— Он сдержит его, милорд, и дней через десять вы дадите знать в Лондон об уничтожении общества «Духов Вод», об аресте Нана и об окончательном умиротворении Индии.
— Готов верить вашему предсказанию… Пора, однако, господа, на покой; мы, я думаю, долго будем помнить первый вечер в Беджапуре… Пришлите мне ночного дежурного, Кемпуэлл!
— Старший камердинер ждет ваших приказаний, милорд!
— Прекрасно!.. Не удерживаю вас больше.
Перед уходом оба почтительно поклонились сэру Лауренсу.
— Спокойной ночи, господа, — приветливо сказал им вице-король.
Не успел директор полиции переступить за порог комнаты, как сэр Джон знаком подозвал к себе адъютанта.
— Удвойте число человек вокруг замка, — приказал он, — поставьте часовых у всех дверей, ведущих в комнаты Ватсона и возвращайтесь с дежурным адъютантом Пири… Проведете эту ночь со мной. Я предчувствую, что здесь произойдут странные вещи.
Минут через десять все приказания вице-короля были исполнены. Шум в древнем дворце Омра стихал мало-помалу, и ночная тишина не нарушалась ничем, кроме криков часовых, перекликавшихся через равномерные промежутки: «Слушай!» — «Слушай!» И крик этот, удаляясь все дальше и дальше по мере того, как переходил от ближайшего часового к более отдаленному производил странное впечатление среди таинственной и зловещей тишины этой ночи.
VIII
Браматма, резиденция которого находилась постоянно в Беджапуре, прекрасно знал все потайные коридоры, которые проходили внутри толстых стен и сообщались со всеми комнатами огромного здания посредством целого ряда особых ходов. Копия плана этих ходов находилась у него в секретных бумагах, которые достались ему от его предшественников; как и последние, он знакомил членов Совета Семи, возобновлявшихся несколько раз со времени вступления его в должность, лишь с главной артерией этих сообщений, устроенных Адилом-Шахом, чтобы иметь возможность пройти по всему дворцу и не быть никем замеченным.
Благодаря этой предусмотрительности, сохраненной им по традиции, он мог в тот день, когда в уме его возникли серьезные подозрения против членов Совета Семи и древнего из Трех, присутствовать при их совещаниях, дабы убедиться в основательности своих опасений. Он прежде всего переоделся пандаромом и смешался с толпой, чтобы судить, насколько искусно он переоделся. Мы оставили его раздающим в ожидании ночи зерна сандала, омоченные в священных водах Ганга.

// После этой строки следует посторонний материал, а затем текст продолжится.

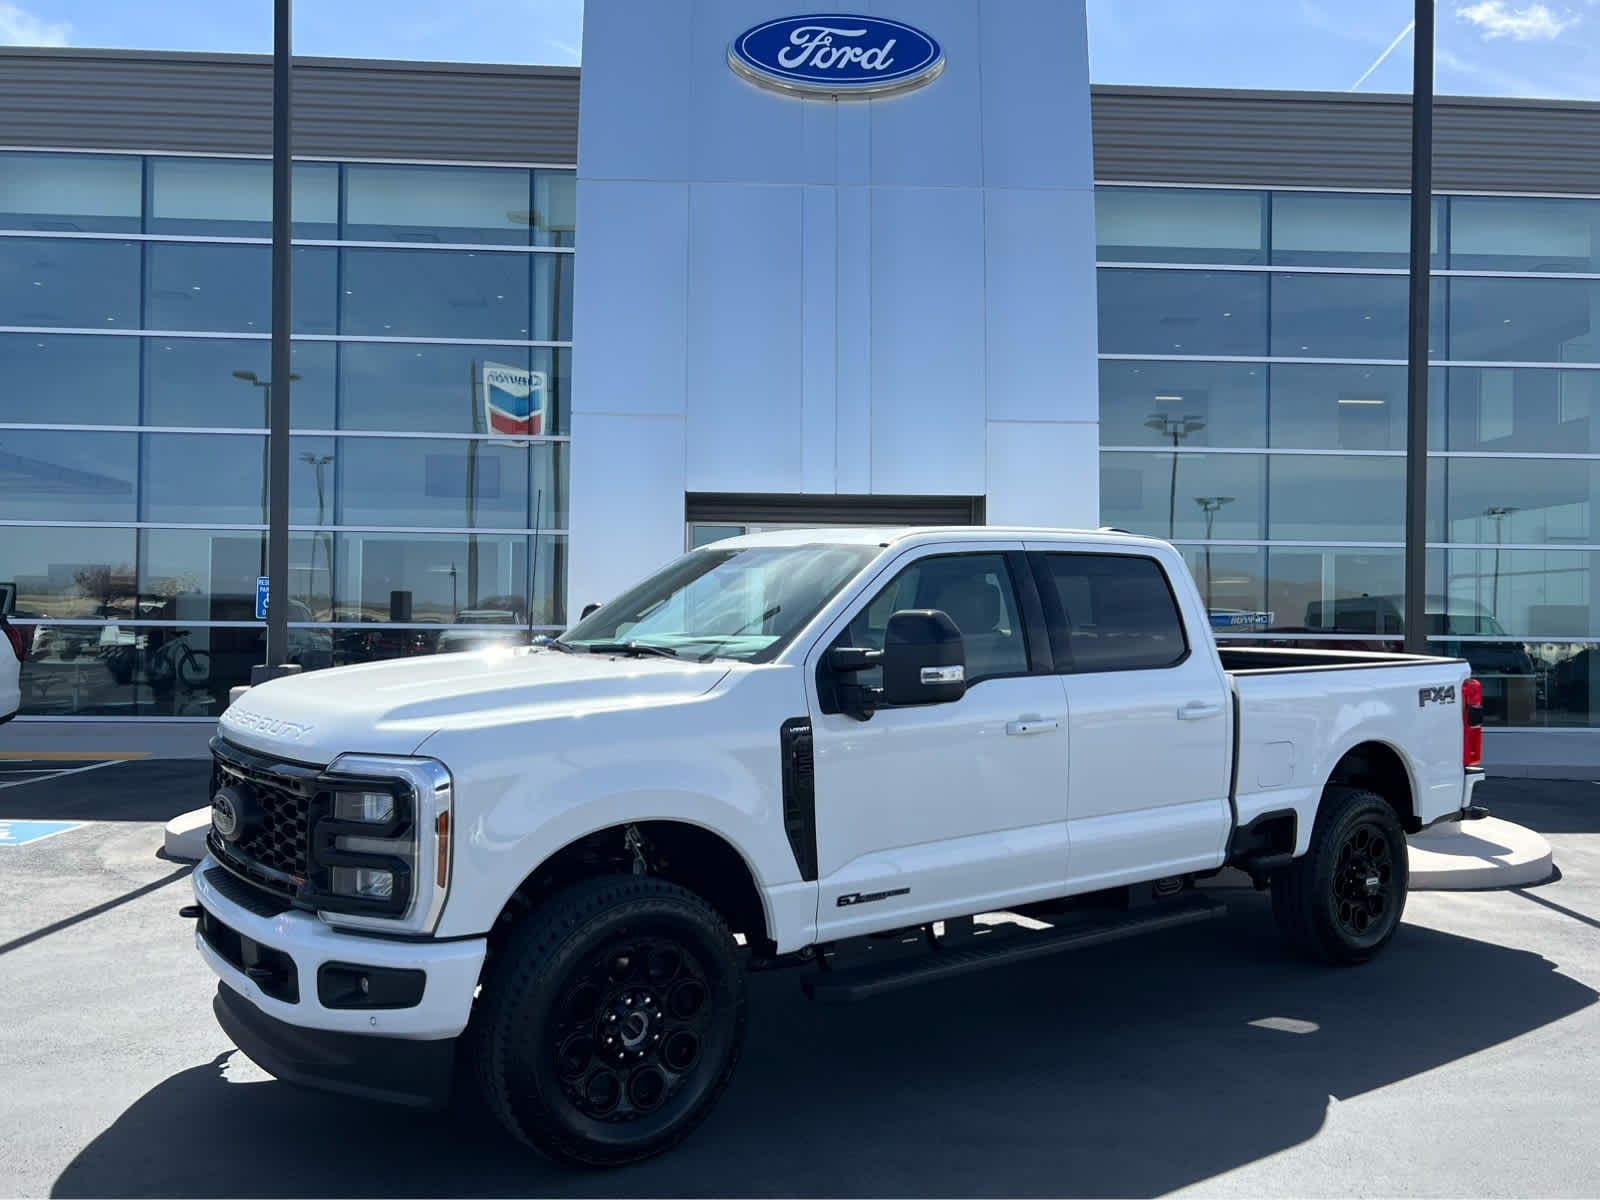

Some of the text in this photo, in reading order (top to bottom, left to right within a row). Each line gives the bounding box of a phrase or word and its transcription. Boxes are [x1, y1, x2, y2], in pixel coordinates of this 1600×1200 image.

Когда наступил удобный, по его мнению, час, он медленно направился к дворцу, пробираясь среди развалин и стараясь никому не попадаться на глаза. Придя на место, он немедленно прошел к коридор, неизвестный Семи; коридор вел к верхнему этажу здания, где жили в это время последние. Он добрался туда без всяких затруднений, несмотря на то, что всего только один раз проходил здесь, знакомясь с тайным расположением здания. Он осторожно проскользнул в комнату, где в это время собрались все Семь. Через потайное окошечко, скрытое между балками потолка, которое он мог открывать и закрывать по желанию, он заглянул внутрь комнаты — и едва не вскрикнул от удивления, но, к счастью, удержался. Только взглянув на зрелище, открывшееся перед глазами Арджуны, можно было понять, какую силу характера нужно было иметь последнему, чтобы побороть свое волнение.
Кругом стола, на котором стояла амфора из черной глины, наполненная аррек-пати (напиток), сидели все Семь и спокойно пили, разговаривая о событиях предыдущей ночи. Ни на одном из них не было установленной правилами маски, — что, главным образом, и вызвало удивление браматмы, которое ему удалось подавить; сначала он взглянул на это, как на нарушение строгих уставов, которое обыкновенно наказывается смертью. Но когда, всмотревшись в каждого из членов совета, он узнал Кишнаю-душителя в лице древнего из Трех, а в лице остальных членов Совета — родных и союзников знаменитого туга, принадлежащих к той же проклятой секте, — он едва не забыл всякую предосторожность и чуть не позвал факиров, чтобы приказать им выгнать этих негодяев.
К счастью, он вовремя опомнился и понял, какой опасности едва не подверг себя. При малейшем шуме все Семь немедленно надели бы свои маски, и Арджуна, убитый на месте факирами, поплатился бы жизнью за свой неразумный поступок. Напрасно кричал бы он последним:
— Этот человек не кто иной, как туг Кишная, которого вы все знаете; его товарищи принадлежат к самой низкой касте. Сорвите с их лиц маски — и вы увидите перед собой отребье населения Беджапура!